De même, l'assureur calcule traditionnellement le montant des primes et indemnités en fonction de la fréquence de survenance des sinistres. Ce principe s'applique à un seul risque à la fois. L'intensité, la fréquence et l'interaction des catastrophes peuvent conduire à des effets d'amplification des indemnisations dues. Enfin, l'analyse rétrospective de la survenance des risques ne pouvant suffire, les assureurs ont de plus en plus souvent recours à des modélisations pour envisager les risques prospectifs. Mais l'expérience a montré que la modélisation connaît elle-même des limites lorsque les risques atteignent une ampleur inédite et cumulative.

Ces évolutions tendent ainsi à réduire le champ de l'intervention de l'assurance : « les risques à fréquence trop élevée deviennent inassurables ; l'augmentation de la part laissée à la charge de l'assuré (la franchise) peut devenir insupportable »208(*).

Aux États-Unis, des assureurs renoncent à proposer une couverture contre les catastrophes climatiques209(*).

Des experts avancent ainsi l'idée d'assurance « paramétrique » dans laquelle l'assureur et l'assuré définissent des critères prédéterminés sur la base desquels s'opérera le versement d'un montant d'indemnisation convenu dans le contrat. Par rapport à l'assurance indemnitaire, ces garanties limitent le calcul du risque à la fréquence de survenance de l'événement déclencheur et font disparaître pour l'assureur les incertitudes sur le montant du sinistre.

La mesure n° 2 du PNACC 3 présenté en octobre 2024 indique que le Gouvernement « visera à inciter les assureurs à maintenir une offre assurantielle à tarification abordable sur l'ensemble du territoire ».


* 204 « Adapter le système assurantiel français face à l'évolution des risques climatiques », Thierry Langreney, Gonéri Le Cozannet, Myriam Mérad, décembre 2023.

* 205 « Le coût des aléas climatiques pris en charge par l'assurance pourrait doubler à l'horizon 2050 » Jean-Louis Bancel et Roland Nussbaum, Le Monde, 23 septembre 2022.
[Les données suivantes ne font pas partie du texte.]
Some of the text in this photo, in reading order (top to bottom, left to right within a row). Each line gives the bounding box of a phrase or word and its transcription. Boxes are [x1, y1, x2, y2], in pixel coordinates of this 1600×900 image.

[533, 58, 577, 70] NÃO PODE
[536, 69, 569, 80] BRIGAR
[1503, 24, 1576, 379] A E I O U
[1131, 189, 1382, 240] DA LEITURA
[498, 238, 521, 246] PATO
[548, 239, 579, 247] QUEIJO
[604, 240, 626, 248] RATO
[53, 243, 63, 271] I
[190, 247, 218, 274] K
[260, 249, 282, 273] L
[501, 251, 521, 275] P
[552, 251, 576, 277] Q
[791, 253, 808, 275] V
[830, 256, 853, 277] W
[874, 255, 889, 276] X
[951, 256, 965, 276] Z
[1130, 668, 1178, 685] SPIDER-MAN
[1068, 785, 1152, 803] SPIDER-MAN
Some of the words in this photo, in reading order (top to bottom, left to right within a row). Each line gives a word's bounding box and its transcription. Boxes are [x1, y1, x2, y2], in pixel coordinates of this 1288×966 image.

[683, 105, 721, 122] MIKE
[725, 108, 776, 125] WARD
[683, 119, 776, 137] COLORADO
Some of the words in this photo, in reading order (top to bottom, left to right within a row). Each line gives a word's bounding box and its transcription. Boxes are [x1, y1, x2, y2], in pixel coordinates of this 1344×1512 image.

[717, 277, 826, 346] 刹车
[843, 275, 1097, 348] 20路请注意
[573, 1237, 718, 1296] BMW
* 206 Sans attendre la publication du rapport, le gouvernement avait annoncé, le 28 décembre 2023, un relèvement, effectif au 1er janvier 2025, de la « surprime » sur les contrats d'assurance qui finance le régime. Cette surprime prélevée sur tous les contrats d'assurance multirisque habitation passera donc, en 2025, de 12 % à 20 % afin d'assurer au régime environ 1,3 milliard d'euros de ressources supplémentaires chaque année et porter sa capacité à quelque 3,2 milliards d'euros.

* 207 « Les assureurs semblent s'être longtemps illusionnés sur leur capacité d'adaptation au risque du changement climatique », Michel Lepetit, Le Monde, 9 juillet 2023.

* 208 « Le coût des aléas climatiques pris en charge par l'assurance pourrait doubler à l'horizon 2050 », art. préc.

* 209 « Ni les assureurs ni les gouvernements ne sont préparés à l'augmentation exponentielle des pertes liées au risque climatique », Arthur Charpentier, Le Monde, 9 juillet 2023.